Evangeline mi rivolse un sorriso smagliante. «Allora d'accordo, vengo a dormire da te e poi domani mattina mi allunghi fino all'Università.»
Le baciai il dorso della mano. «Perfetto. Ora finisci di lavorare.»
Lasciai subito la presa su di lei e la ragazza arrossì appena, girandosi di schiena per poter preparare un caffè ad un cliente che le aveva gridato un 'espresso'. Ero tentato di girarmi e prenderlo per il collo ma mi trattenni, limitandomi a fulminarlo con lo sguardo per poi scendere dallo sgabello e tornare al tavolino che avevo occupato poco prima. Presi posto sulla poltroncina e accavallai le gambe, tornando a fissare le persone nel bel mezzo della pista da ballo, quando qualcuno si posizionò davanti a me. Io aggrottai le sopracciglia e sollevai la testa, notando un uomo con dei capelli neri corti fissarmi con un sopracciglio alzato.
«Tu sei Leonard.»
Annuii, piegando la testa da un lato. «Sì, e tu sei..?»

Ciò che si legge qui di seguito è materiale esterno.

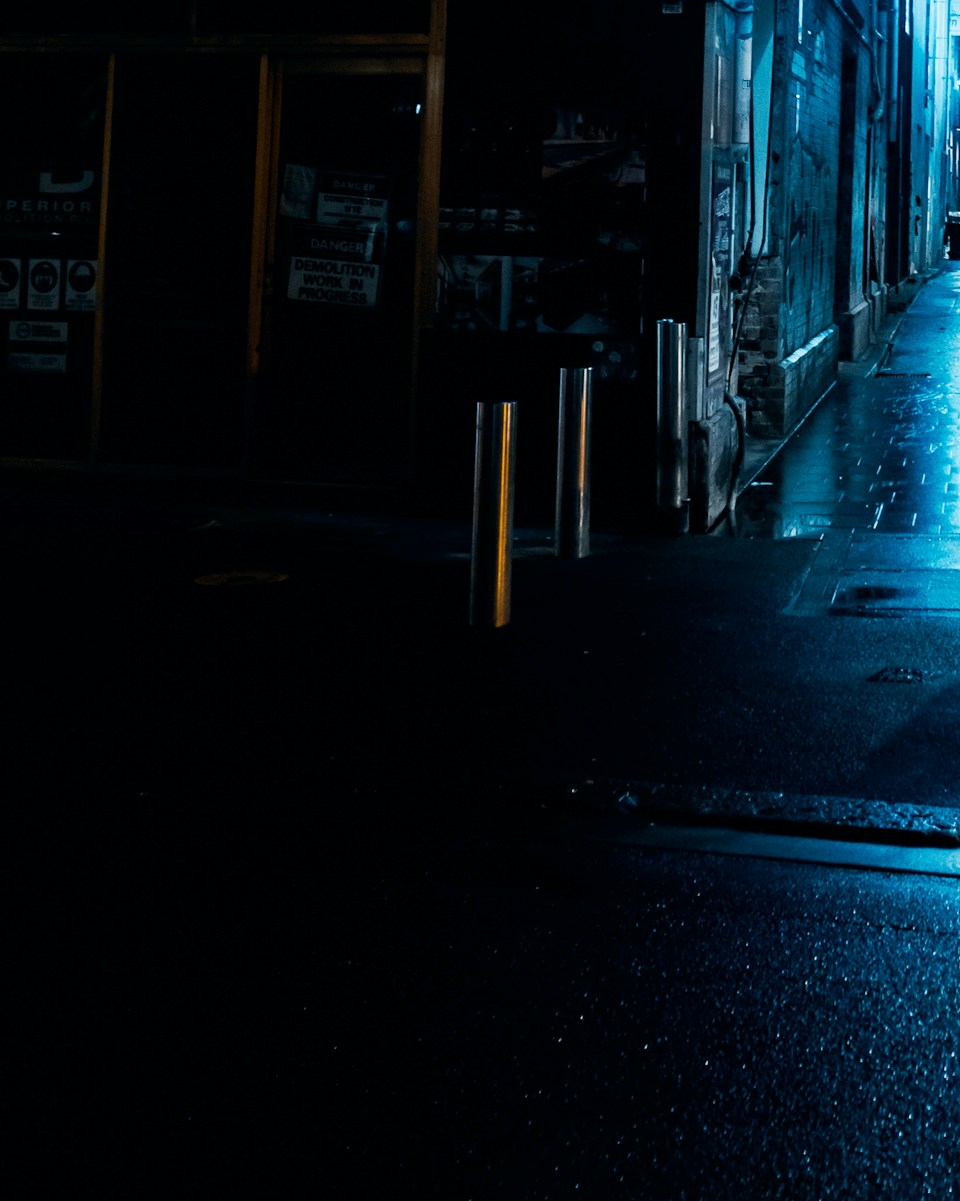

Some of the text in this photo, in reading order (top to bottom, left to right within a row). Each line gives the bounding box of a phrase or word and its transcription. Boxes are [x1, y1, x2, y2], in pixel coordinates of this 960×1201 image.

[332, 179, 376, 192] DANGER
[0, 199, 91, 212] PERIOR
[310, 237, 365, 254] DANGER
[294, 259, 376, 278] DEMOLITION
[303, 273, 364, 290] WORK IN
[298, 287, 367, 305] PROGRESS
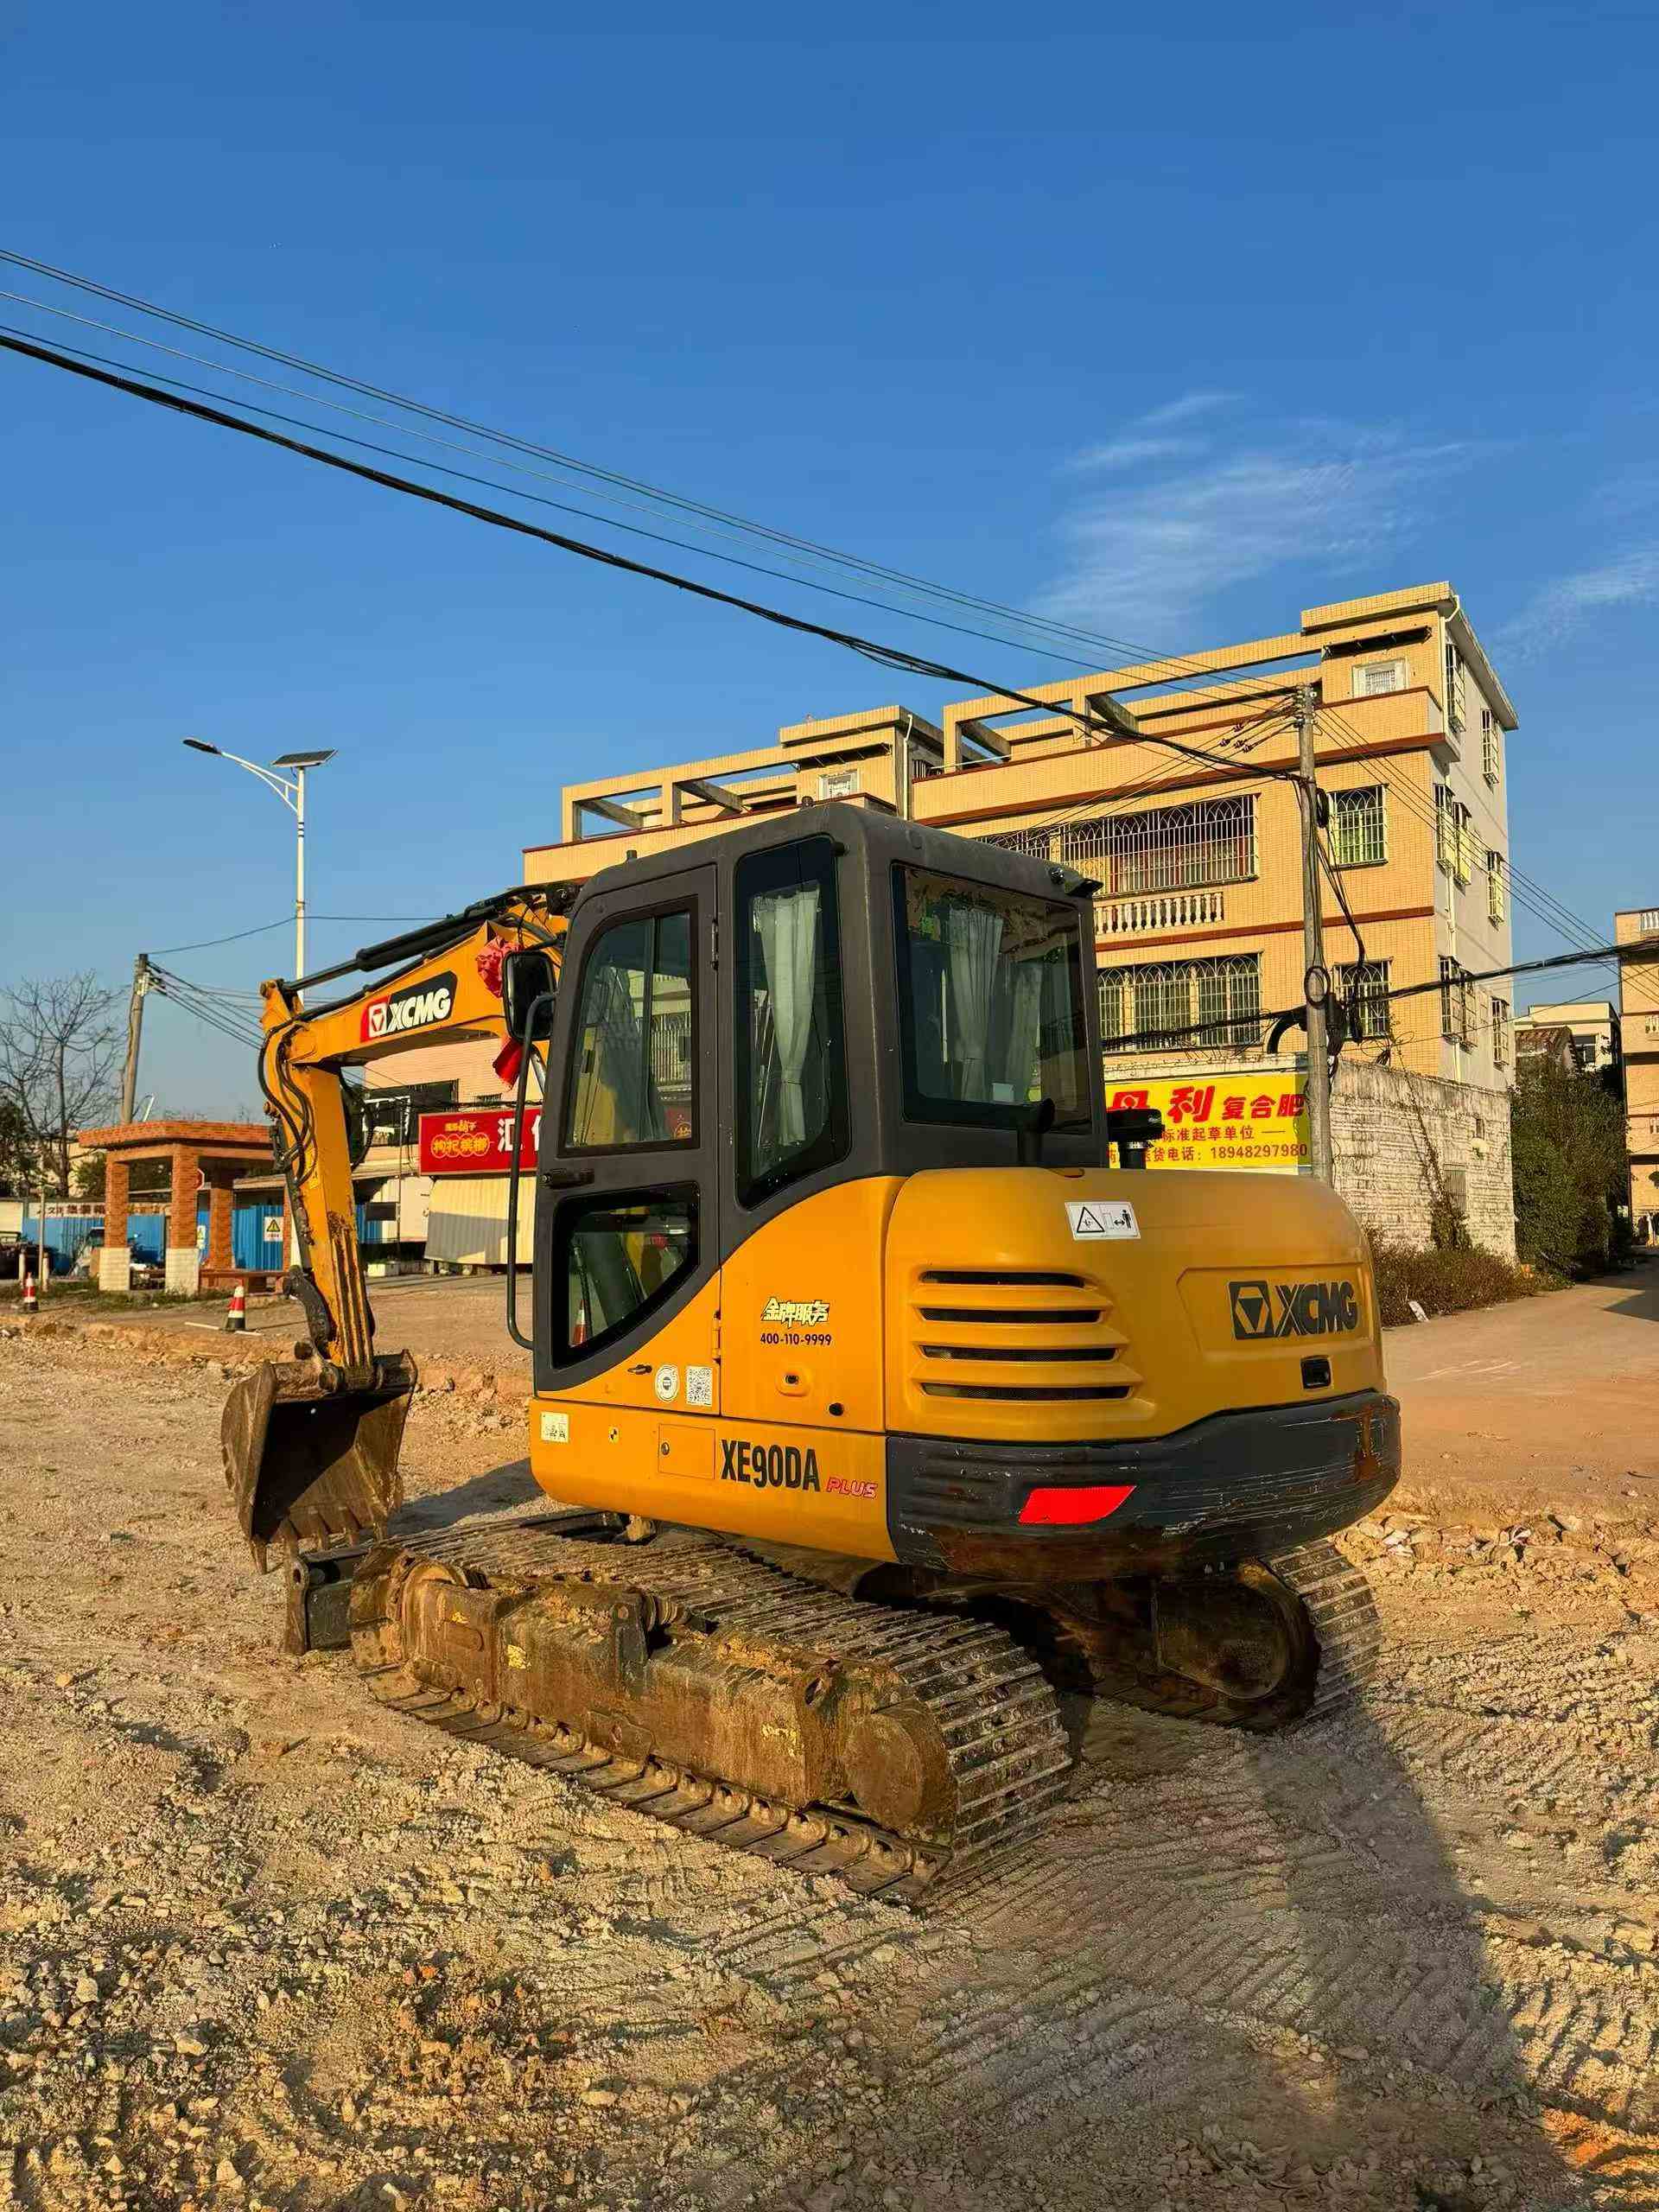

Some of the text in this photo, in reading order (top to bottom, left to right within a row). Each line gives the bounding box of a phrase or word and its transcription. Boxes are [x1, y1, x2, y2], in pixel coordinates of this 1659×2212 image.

[387, 988, 450, 1033] XCMG
[1222, 1093, 1306, 1121] 复合肥
[1210, 1143, 1307, 1160] 18948297980
[760, 1296, 830, 1329] 金牌服务
[1274, 1281, 1358, 1338] XCMG
[760, 1332, 832, 1345] 400-110-9999
[721, 1439, 879, 1499] XE90DA PLUS

L'uomo allungò la mano verso di me. «Adrian Vazquez, il capo della tua ragazzina che non ha fatto altro che parlarmi di te per tutto il tempo dall'inizio di settembre. Amico, le hai fatto perdere la testa.»
Trattenni una risata, stringendo con forza la sua mano. «Sì, lo so bene. Lei l'ha fatta perdere a me quindi siamo pari.»
Si sedette al mio fianco. «Sei un amico di James? Il direttore del Secret Dreams, giusto?»
Annuii di nuovo. «Sì, perché?»
Adrian fece una smorfia. «Pura curiosità, non ti preoccupare. Come hai fatto a conoscerlo, se posso saperlo?»
Mi morsicai il labbro inferiore. Non riuscivo a capire da dove potesse prendere tutta quella confidenza ma non sembrava uno sprovveduto né una cattiva persona. I miei occhi caddero per un istante sul bancone e mi accorsi che Evie ci stava fissando, perciò le rivolsi un debole sorriso che lei ricambiò all'istante. Poi mi fece un cenno con la mano e mi mandò un bacio, ammiccando. Io distolsi immediatamente gli occhi con le guance rosse.
«Uno dei miei colleghi mi ha portato al Secret Dreams per il mio ventunesimo compleanno molti anni fa. – spiegai, riportando lo sguardo sulla folla di persone davanti a me – Ero un cliente abituale, pagavo spesso per i privè così ho avuto l'occasione di conoscere James. E tu? Come lo conosci?»
Adrian fece spallucce. «Era il mio ex fidanzato. Il Secret Dreams era mio, poi ho deciso di mettermi in società con James e.. beh, alla fine lui ha fatto di tutto per rubarmi il locale.»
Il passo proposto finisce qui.